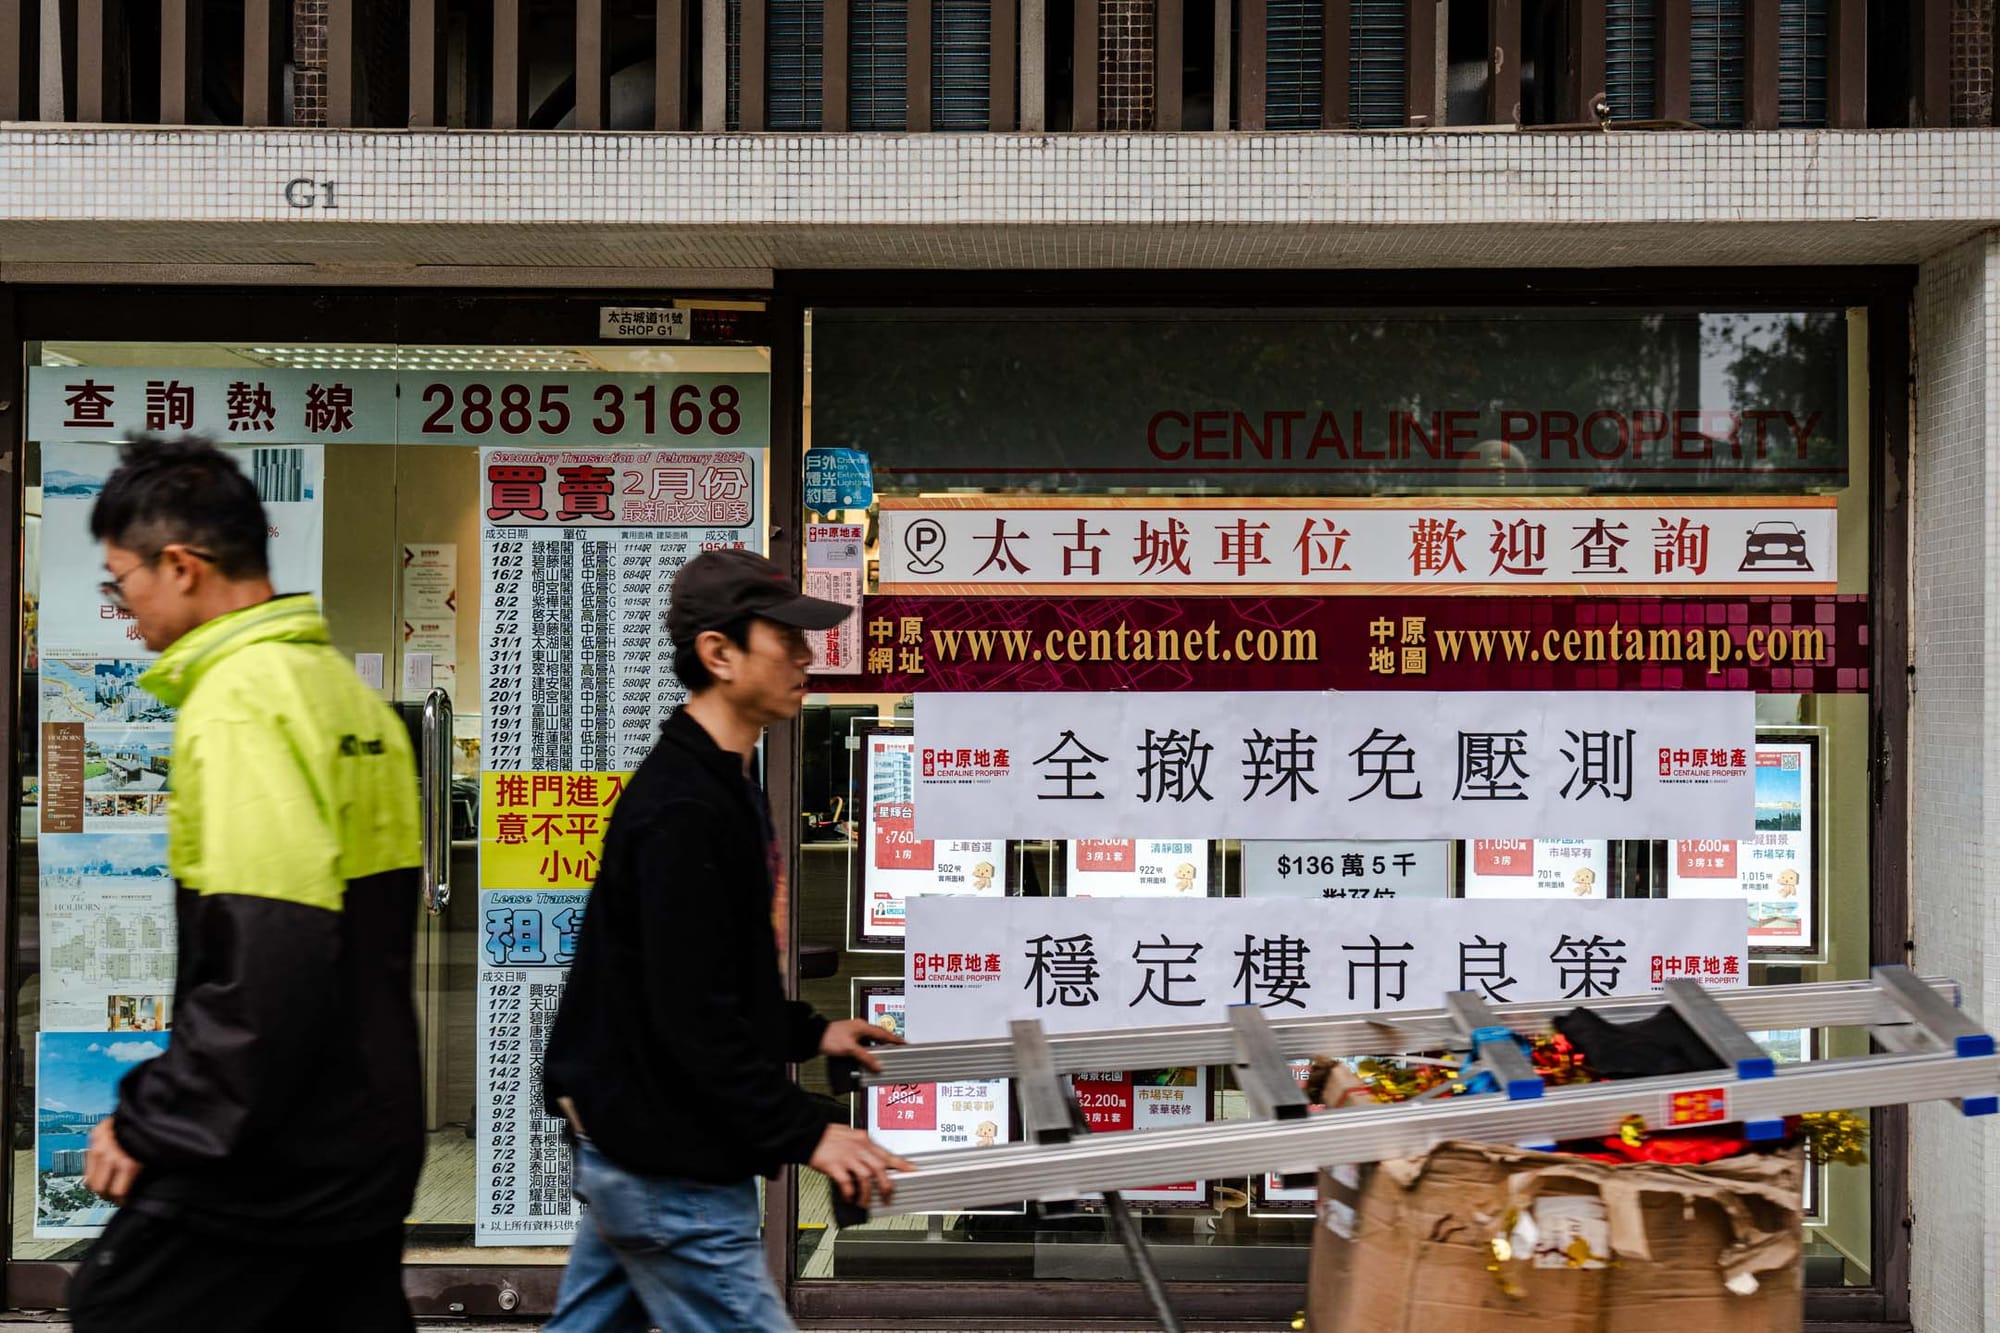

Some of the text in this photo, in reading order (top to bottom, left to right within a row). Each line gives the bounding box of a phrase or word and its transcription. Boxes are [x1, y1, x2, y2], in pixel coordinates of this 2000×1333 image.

[285, 177, 339, 210] G1
[607, 312, 684, 325] 太古城道11號
[618, 324, 673, 336] SHOP G1
[63, 378, 743, 437] 查詢熱線 2885 3168
[1146, 409, 1825, 462] CENTALINE PROPERTY
[492, 451, 745, 466] Secondary Transaction of February 2024
[621, 467, 749, 500] 2月份
[487, 465, 616, 522] 買賣
[621, 501, 749, 523] 最新成交個案
[485, 528, 529, 540] 成交日期
[563, 529, 588, 540] 單位
[705, 529, 739, 541] 成交價
[817, 527, 861, 538] 中原地產
[492, 542, 522, 553] 18/2
[971, 516, 1712, 578] 太古城車位 歡迎查詢
[492, 556, 522, 567] 18/2
[492, 569, 523, 580] 16/2
[494, 583, 518, 594] 8/2
[494, 596, 518, 607] 8/2
[495, 610, 518, 621] 7/2
[494, 623, 518, 634] 5/2
[868, 616, 925, 645] 中原
[1369, 616, 1427, 645] 中原
[490, 637, 522, 648] 31/1
[931, 624, 1318, 663] www.centanet.com
[1434, 620, 1828, 675] www.centamap.com
[490, 650, 522, 661] 31/1
[867, 646, 925, 674] 網址
[1369, 646, 1427, 675] 地圖
[490, 664, 522, 675] 31/1
[489, 677, 522, 688] 28/1
[489, 691, 522, 702] 20/1
[490, 704, 522, 715] 19/1
[490, 718, 522, 729] 19/1
[490, 731, 522, 742] 19/1
[490, 745, 522, 756] 17/1
[490, 758, 522, 769] 17/1
[936, 748, 1010, 768] 中原地產
[1672, 748, 1747, 768] 中原地產
[1032, 726, 1638, 804] 全撤辣免壓測
[936, 769, 1010, 777] CENTALINE PROPERTY
[1673, 769, 1747, 777] CENTALINE PROPERTY
[495, 774, 625, 808] 推門進入
[495, 812, 612, 846] 意不平
[1277, 852, 1417, 878] $136 萬 5 千
[491, 893, 533, 905] Lease
[927, 953, 1001, 973] 中原地產
[1665, 955, 1740, 976] 中原地產
[1023, 932, 1628, 1010] 穩定樓市良策
[482, 971, 527, 983] 成交日期
[928, 974, 1001, 982] CENTALINE PROPERTY
[1704, 976, 1740, 985] PROPERTY
[489, 985, 521, 996] 18/2
[489, 999, 521, 1010] 17/2
[489, 1012, 521, 1023] 17/2
[489, 1026, 521, 1037] 15/2
[489, 1040, 521, 1051] 15/2
[489, 1053, 521, 1064] 14/2
[489, 1067, 521, 1078] 14/2
[489, 1081, 521, 1092] 14/2
[492, 1094, 515, 1105] 9/2
[1138, 1089, 1185, 1101] 市場罕有
[492, 1108, 515, 1119] 9/2
[1148, 1103, 1193, 1116] 豪華裝修
[492, 1122, 515, 1133] 8/2
[492, 1135, 515, 1146] 8/2
[492, 1149, 515, 1160] 7/2
[492, 1163, 515, 1174] 6/2
[492, 1177, 515, 1188] 6/2
[492, 1190, 515, 1201] 6/2
[492, 1204, 515, 1215] 5/2

*-*-*

§ Problem description: Please go over the data above and copy each line with "中原地產" in it.

§ Solution below:
[817, 527, 861, 538] 中原地產
[936, 748, 1010, 768] 中原地產
[1672, 748, 1747, 768] 中原地產
[927, 953, 1001, 973] 中原地產
[1665, 955, 1740, 976] 中原地產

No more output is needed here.